SURE: Safe Uncertainty-Aware Robot-Environment Interaction using Trajectory Optimization
Robotic tasks involving contact interactions pose significant challenges for trajectory optimization due to discontinuous dynamics. Conventional formulations typically assume deterministic contact events, which limit robustness and adaptability in real-world settings. In this work, we propose SURE, a robust trajectory optimization framework that explicitly accounts for contact timing uncertainty. By allowing multiple trajectories to branch from possible pre-impact states and later rejoin a shared trajectory, SURE achieves both robustness and computational efficiency within a unified optimization framework. We evaluate SURE on two representative tasks with unknown impact times. In a cart-pole balancing task involving uncertain wall location, SURE achieves an average improvement of 21.6% in success rate when branch switching is enabled during control. In an egg-catching experiment using a robotic manipulator, SURE improves the success rate by 40%. These results demonstrate that SURE substantially enhances robustness compared to conventional nominal formulations.
💡 Research Summary
The paper introduces SURE (Safe Uncertainty‑Aware Robot‑Environment interaction), a trajectory optimization framework that explicitly handles uncertainty in contact timing, a critical challenge for contact‑rich robotic tasks. Traditional trajectory optimization methods assume deterministic contact events, which limits robustness when perception errors, modeling mismatches, or actuation delays cause the actual impact to occur earlier or later than planned. Existing approaches either rely on frequent replanning (MPC) that cannot capture the fast dynamics of impact, or use robust phases that do not provide a concrete plan to reach the final goal, or brute‑force tree‑based formulations that become computationally intractable.

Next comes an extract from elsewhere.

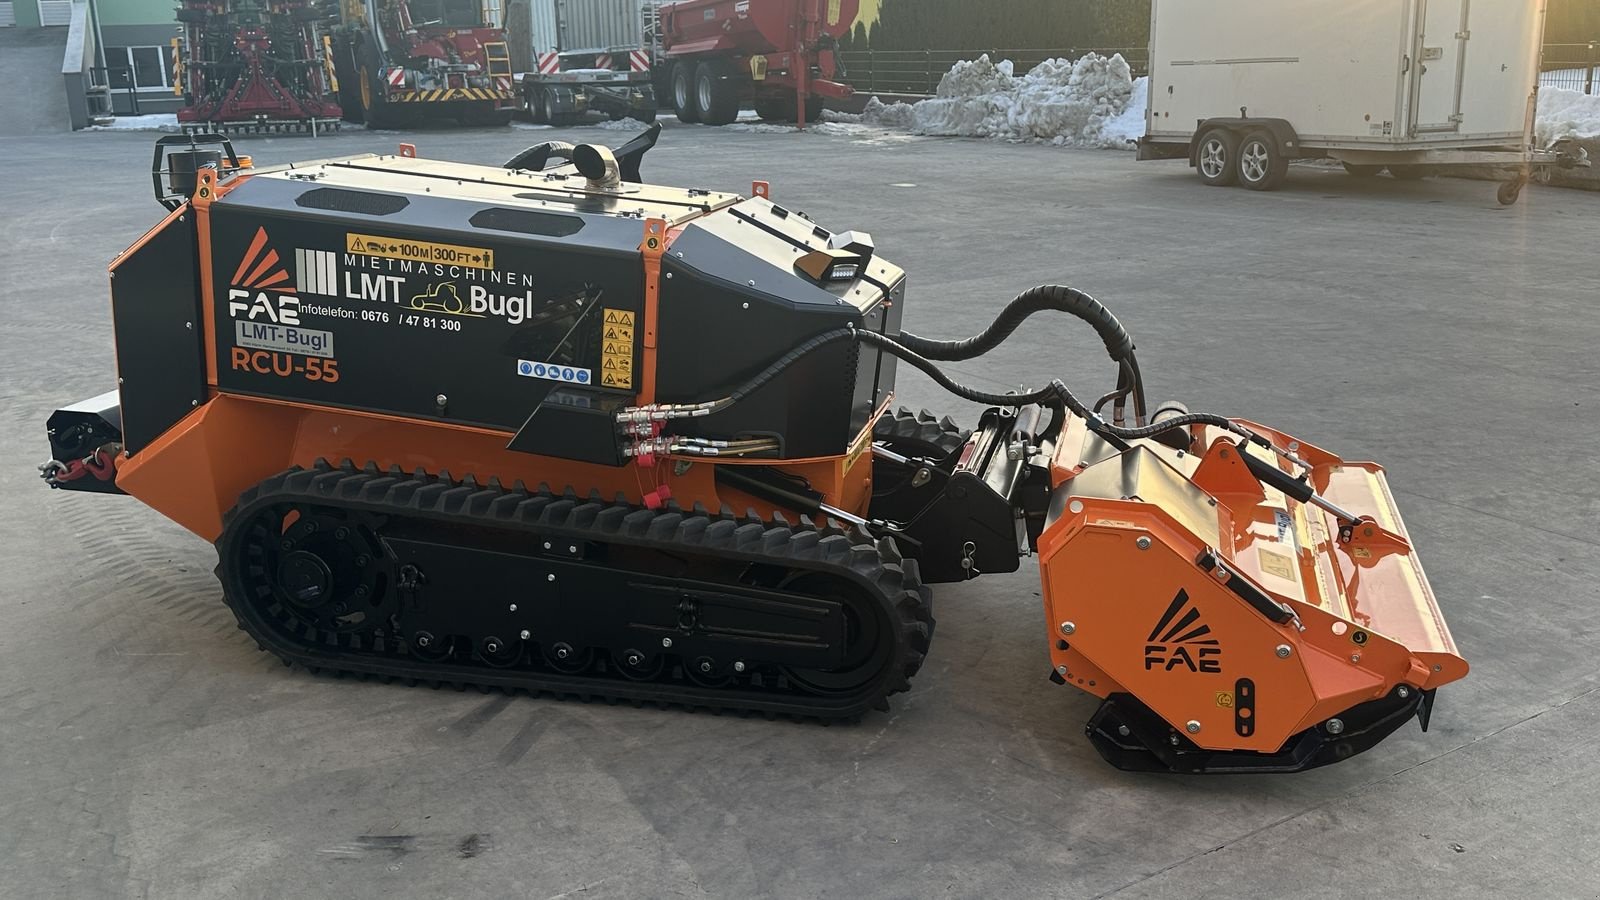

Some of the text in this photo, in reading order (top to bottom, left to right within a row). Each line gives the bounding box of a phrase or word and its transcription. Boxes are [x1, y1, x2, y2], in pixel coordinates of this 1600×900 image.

SURE’s core idea is a “branch‑rejoin” structure. The uncertain contact interval is represented by a set of pre‑impact nodes (the branching phase K). From each node, the impact is modeled by a reset map R, generating a post‑impact state. Instead of planning a full trajectory from every possible post‑impact state to the goal (as in a tree OCP), SURE forces all branches to rejoin a common final trajectory. This dramatically reduces the number of decision variables while still accounting for all possible contact timings. The mathematical formulation (Eq. 2) combines a common‑trajectory cost, branch‑specific costs, and constraints that enforce dynamics, guard conditions, reset mapping, and rejoining continuity. The uncertainty width d can be fixed or treated as an optimization variable, allowing the solver to maximize the admissible uncertainty region.
Two usage modes are described for control. If a contact sensor is available, a “trajectory scheduling” scheme switches the reference to the branch whose impact time is closest to the detected contact, enabling the system to follow the most appropriate pre‑computed trajectory in real time. If no sensor is present, a “robust nominal trajectory” is selected, typically the middle branch, which offers a balanced worst‑case performance across the uncertainty set.
The framework is evaluated on two benchmark tasks. In the first, a cart‑pole system must strike a wall to reverse the pole’s velocity and then balance. The wall’s position is uncertain within ±d. SURE’s branch‑rejoin trajectories allow the system to recover from early or late impacts, achieving a 21.6 % higher success rate than a nominal deterministic planner. In the second task, a Unitree Z1 robotic arm attempts to catch a falling egg; millisecond‑scale timing errors dramatically affect impact forces. By planning multiple branches and rejoining, SURE improves the catching success rate by 40 % compared with a conventional planner. Both experiments are solved using CasADi and IPOPT; the number of branches |K| and the uncertainty width d are shown to trade off robustness against computational load.
The paper acknowledges limitations: increasing the number of branches raises computation time linearly, and the reset map R must accurately capture contact physics (e.g., friction, compliance) to avoid performance degradation on real hardware. Future work is suggested in adaptive branch generation based on uncertainty distributions, learning‑based reset models for more complex contact phenomena, and extending the approach to other uncertain parameters such as friction coefficients or contact surface geometry.
In summary, SURE provides a principled, computationally efficient method to incorporate contact‑timing uncertainty directly into trajectory optimization. By structuring the problem as a branching phase followed by a shared rejoining phase, it achieves significant robustness gains while keeping the optimization tractable, making it a promising tool for safe, uncertainty‑aware robot‑environment interaction.